PROBLEM DESCRIPTION →
Give all of the data below again exactly, and drop the images.

Items from a data source →

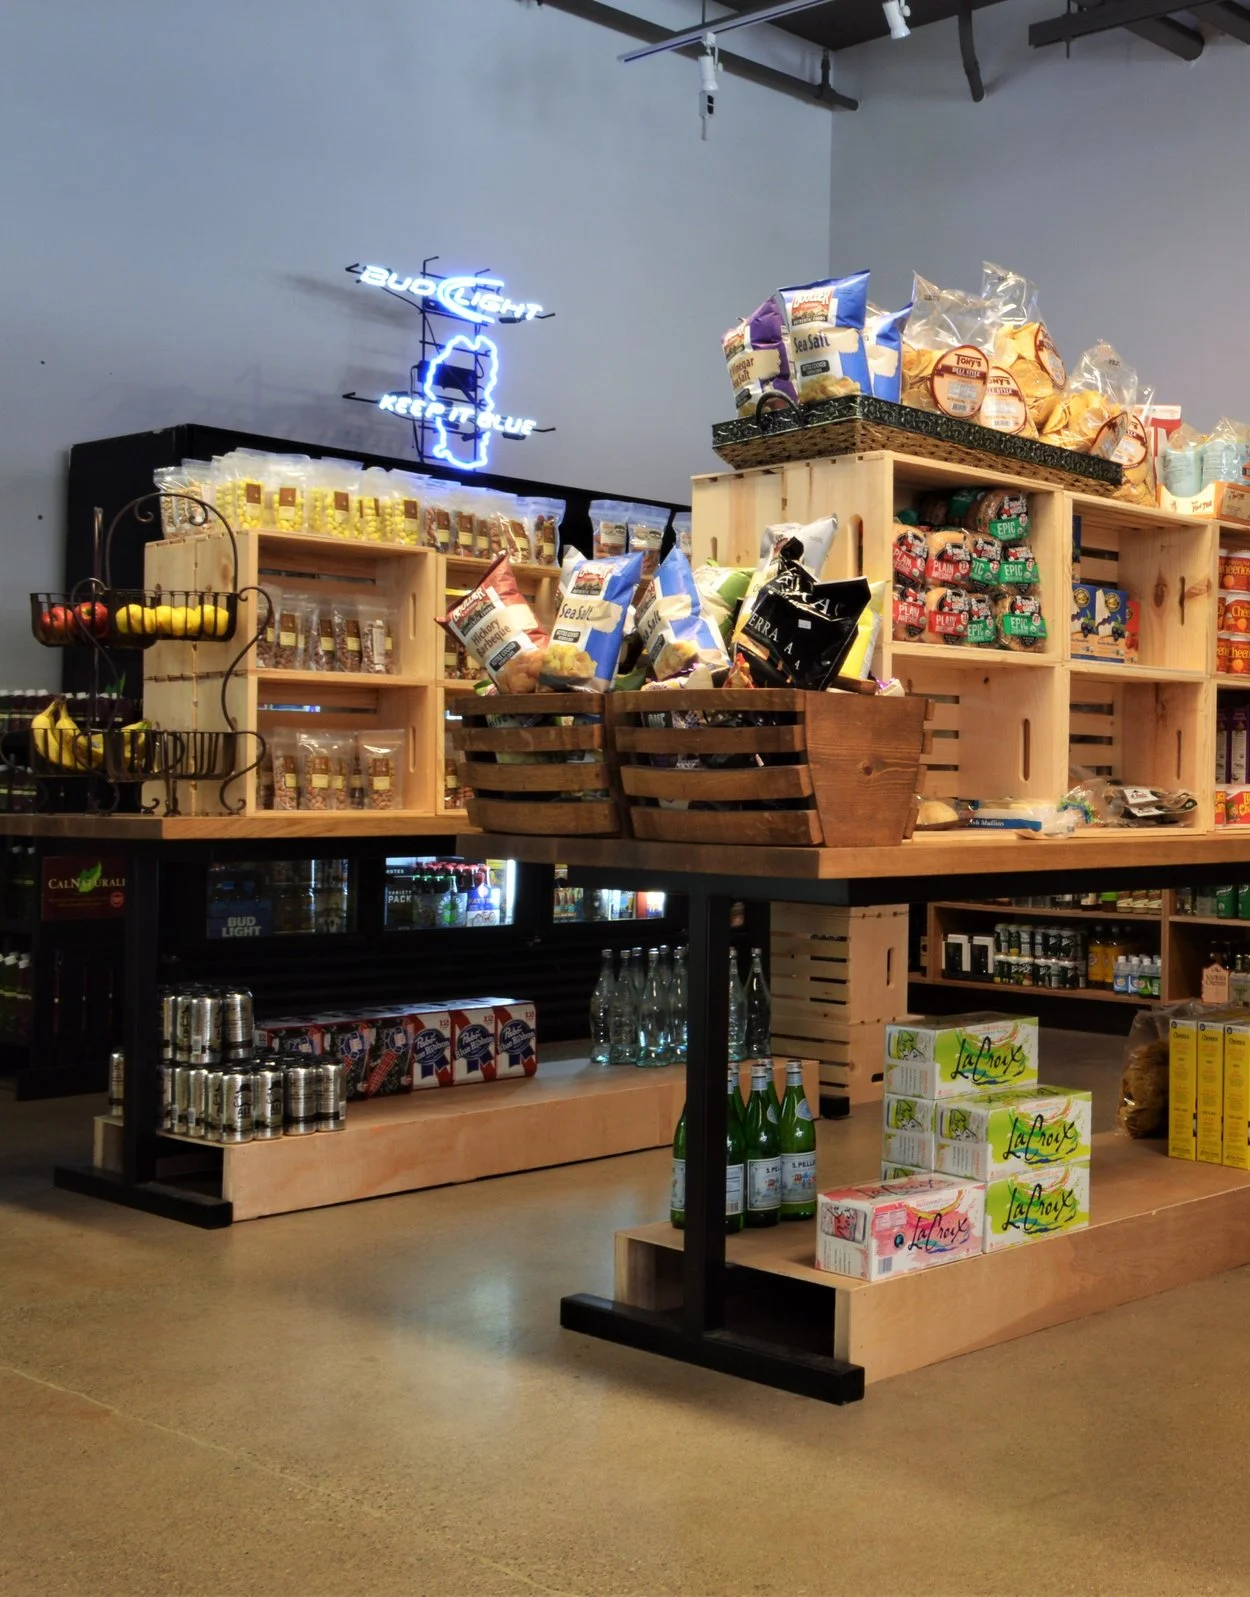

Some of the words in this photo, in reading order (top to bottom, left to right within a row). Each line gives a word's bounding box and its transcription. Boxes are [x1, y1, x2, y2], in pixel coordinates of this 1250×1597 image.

[360, 265, 436, 296] BUD
[454, 288, 543, 320] LIGHT
[793, 338, 809, 354] Sea
[809, 333, 831, 351] Salt
[955, 354, 982, 369] TONY'S
[988, 375, 1011, 387] ONY'S
[379, 394, 446, 418] KEEP
[448, 407, 475, 424] IT
[477, 411, 537, 435] BLUE
[997, 523, 1016, 535] EPIC
[933, 560, 954, 575] PLAIN
[972, 562, 985, 575] PIC
[1004, 565, 1023, 576] EPIC
[559, 603, 577, 619] Sea
[576, 605, 593, 622] Salt
[470, 617, 501, 646] Hickory
[748, 614, 779, 642] ERRA
[968, 625, 984, 636] EPIC
[1010, 618, 1029, 630] EPIC
[475, 624, 512, 659] Barbeque
[388, 895, 412, 904] PACK
[227, 916, 257, 928] BUD
[222, 926, 262, 938] LIGHT
[950, 1036, 1023, 1080] LaCroix
[1002, 1114, 1075, 1160] LaCroix
[1001, 1183, 1074, 1231] LaCroix
[907, 1213, 968, 1251] LaCroix
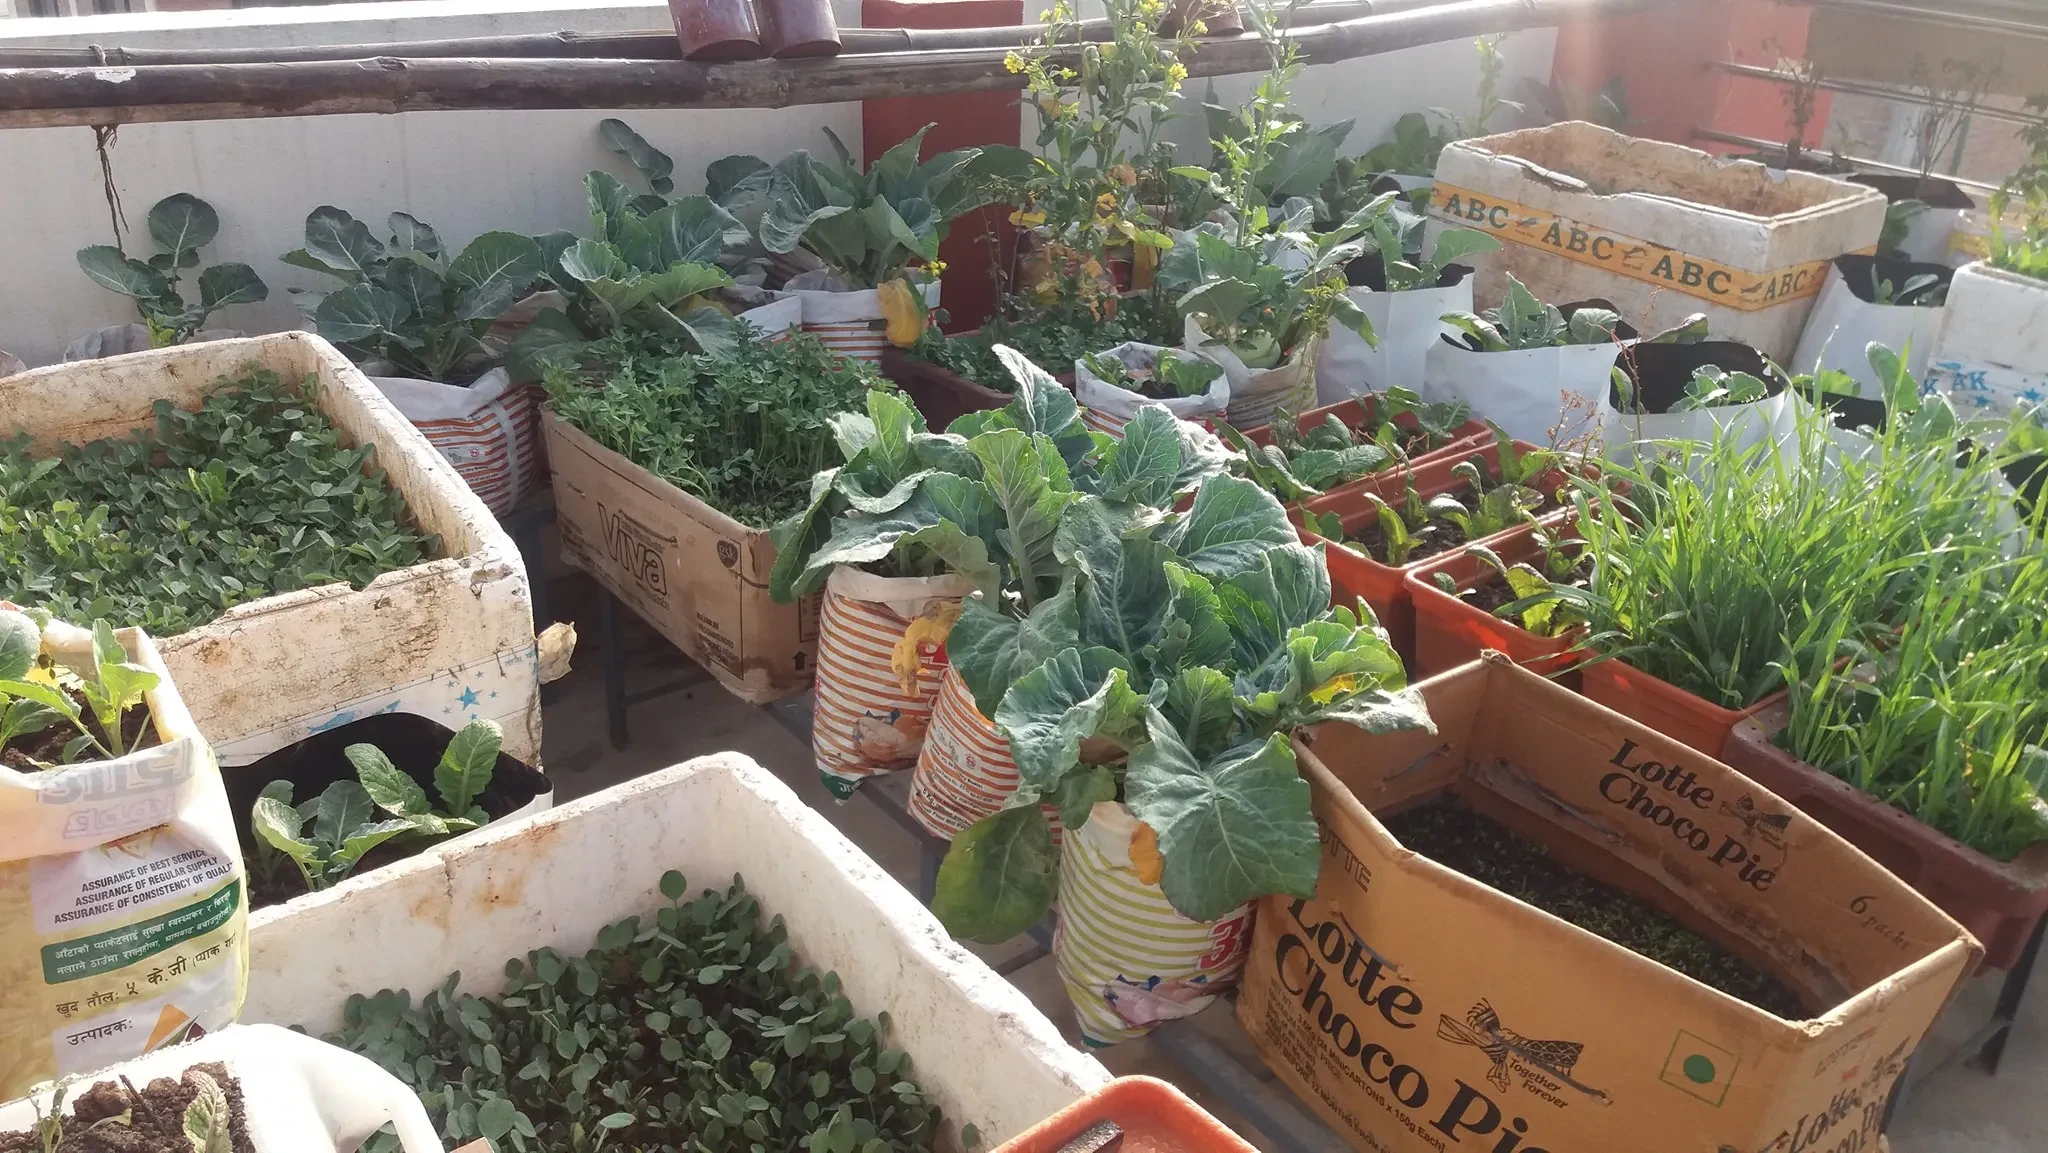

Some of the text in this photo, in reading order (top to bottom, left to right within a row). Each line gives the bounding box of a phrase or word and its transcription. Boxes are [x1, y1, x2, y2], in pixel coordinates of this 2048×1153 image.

[1443, 193, 1808, 301] ABC ABC ABC ABC
[1609, 738, 1714, 809] Lotte
[1599, 772, 1776, 891] Choco Pie
[75, 857, 218, 906] ASSURANCE OF REGULAR SUPPLY
[82, 869, 136, 893] ASSURANCE
[138, 865, 149, 876] OF
[150, 859, 172, 871] BEST
[54, 902, 115, 924] ASSURANCE
[117, 897, 130, 909] OF
[132, 879, 191, 905] CONSISTENCY
[193, 873, 204, 884] OF
[1850, 895, 1878, 915] 6
[1287, 899, 1424, 1029] Lotte
[56, 1000, 80, 1018] खुद
[66, 1017, 134, 1047] उत्पादक:
[1276, 933, 1429, 1108] Choco
[1428, 1077, 1550, 1153] Pi
[1509, 1058, 1562, 1092] Together
[1522, 1079, 1568, 1108] Forever
[1394, 1108, 1417, 1134] 150g
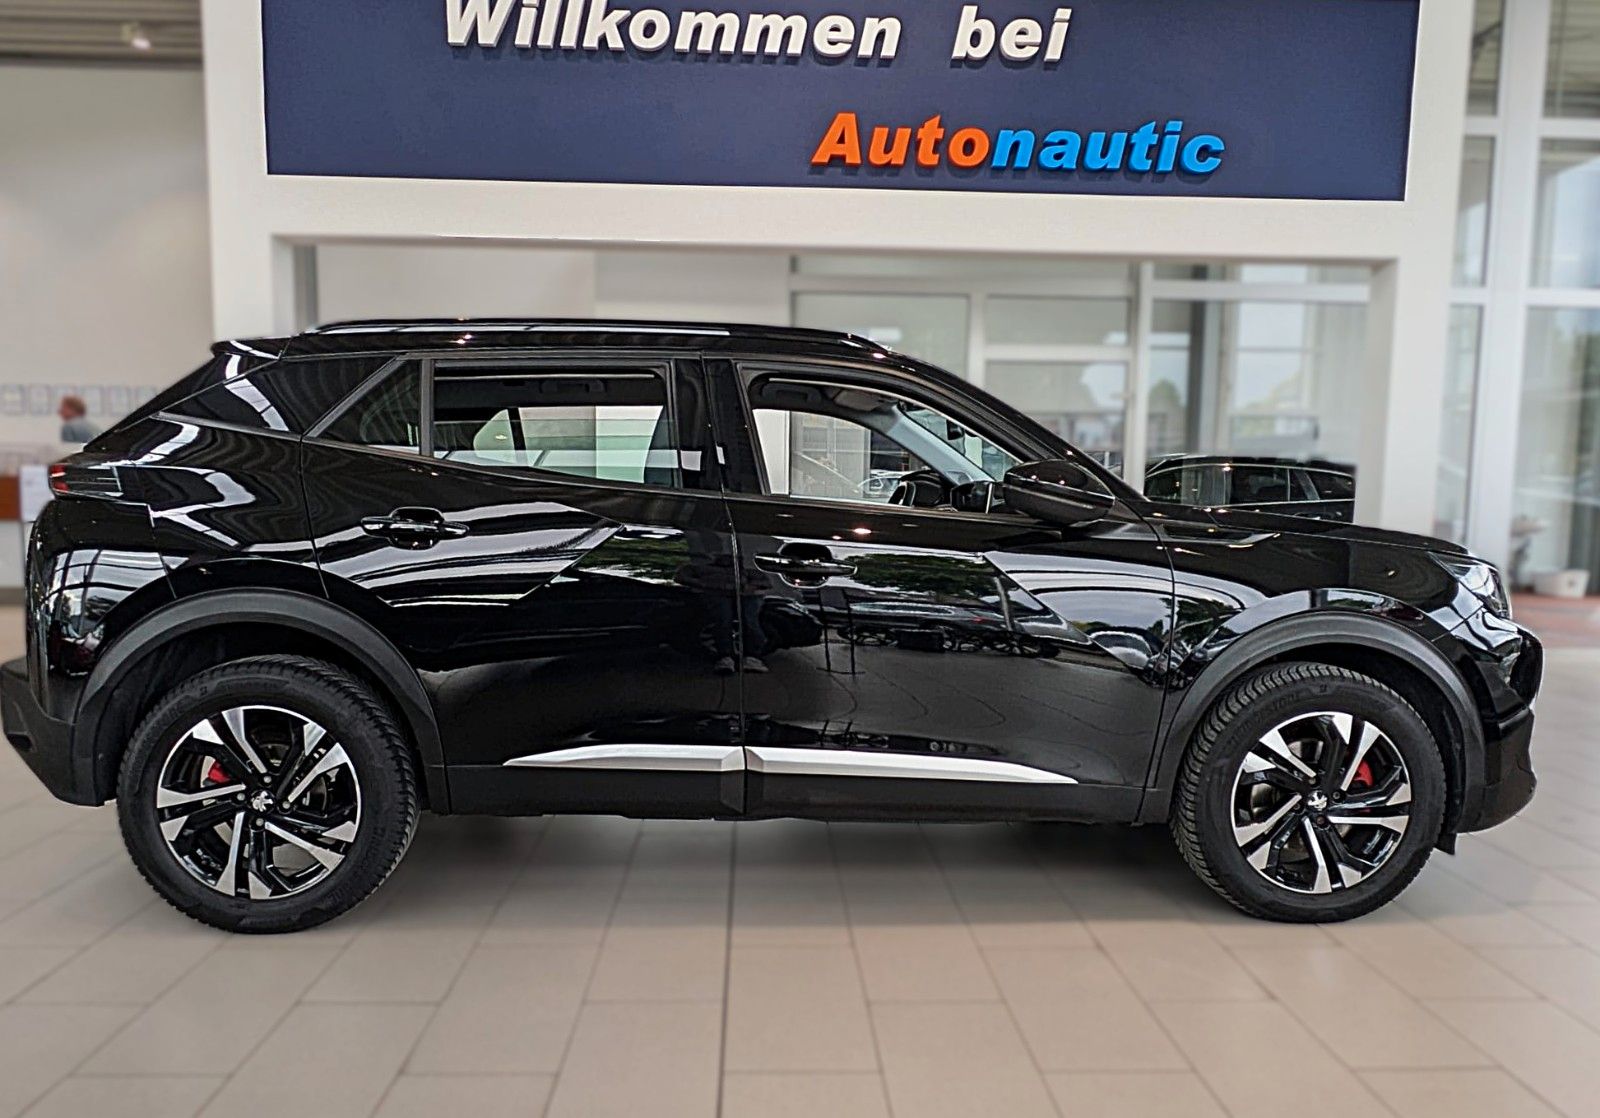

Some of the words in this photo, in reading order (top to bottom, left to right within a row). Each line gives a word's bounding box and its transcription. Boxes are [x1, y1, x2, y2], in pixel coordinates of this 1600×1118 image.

WRITTEN RESPONSE →
Some of the words in this photo, in reading order (top to bottom, left to right within a row). Each line gives a word's bounding box and its transcription. Boxes are [x1, y1, x2, y2], in pixel coordinates of this 1250×1597 image.

[360, 265, 436, 296] BUD
[454, 288, 543, 320] LIGHT
[793, 338, 809, 354] Sea
[809, 333, 831, 351] Salt
[955, 354, 982, 369] TONY'S
[988, 375, 1011, 387] ONY'S
[379, 394, 446, 418] KEEP
[448, 407, 475, 424] IT
[477, 411, 537, 435] BLUE
[997, 523, 1016, 535] EPIC
[933, 560, 954, 575] PLAIN
[972, 562, 985, 575] PIC
[1004, 565, 1023, 576] EPIC
[559, 603, 577, 619] Sea
[576, 605, 593, 622] Salt
[470, 617, 501, 646] Hickory
[748, 614, 779, 642] ERRA
[968, 625, 984, 636] EPIC
[1010, 618, 1029, 630] EPIC
[475, 624, 512, 659] Barbeque
[388, 895, 412, 904] PACK
[227, 916, 257, 928] BUD
[222, 926, 262, 938] LIGHT
[950, 1036, 1023, 1080] LaCroix
[1002, 1114, 1075, 1160] LaCroix
[1001, 1183, 1074, 1231] LaCroix
[907, 1213, 968, 1251] LaCroix

Some of the text in this photo, in reading order (top to bottom, left to right within a row). Each line gives the bounding box of a phrase or word and its transcription. Boxes are [x1, y1, x2, y2], in pixel coordinates of this 2048×1153 image.

[1443, 193, 1808, 301] ABC ABC ABC ABC
[1609, 738, 1714, 809] Lotte
[1599, 772, 1776, 891] Choco Pie
[75, 857, 218, 906] ASSURANCE OF REGULAR SUPPLY
[82, 869, 136, 893] ASSURANCE
[138, 865, 149, 876] OF
[150, 859, 172, 871] BEST
[54, 902, 115, 924] ASSURANCE
[117, 897, 130, 909] OF
[132, 879, 191, 905] CONSISTENCY
[193, 873, 204, 884] OF
[1850, 895, 1878, 915] 6
[1287, 899, 1424, 1029] Lotte
[56, 1000, 80, 1018] खुद
[66, 1017, 134, 1047] उत्पादक:
[1276, 933, 1429, 1108] Choco
[1428, 1077, 1550, 1153] Pi
[1509, 1058, 1562, 1092] Together
[1522, 1079, 1568, 1108] Forever
[1394, 1108, 1417, 1134] 150g

Some of the words in this photo, in reading order (top to bottom, left to right within a row). Each line gives a word's bounding box and its transcription. Boxes are [x1, y1, x2, y2], in pixel coordinates of this 1600×1118 image.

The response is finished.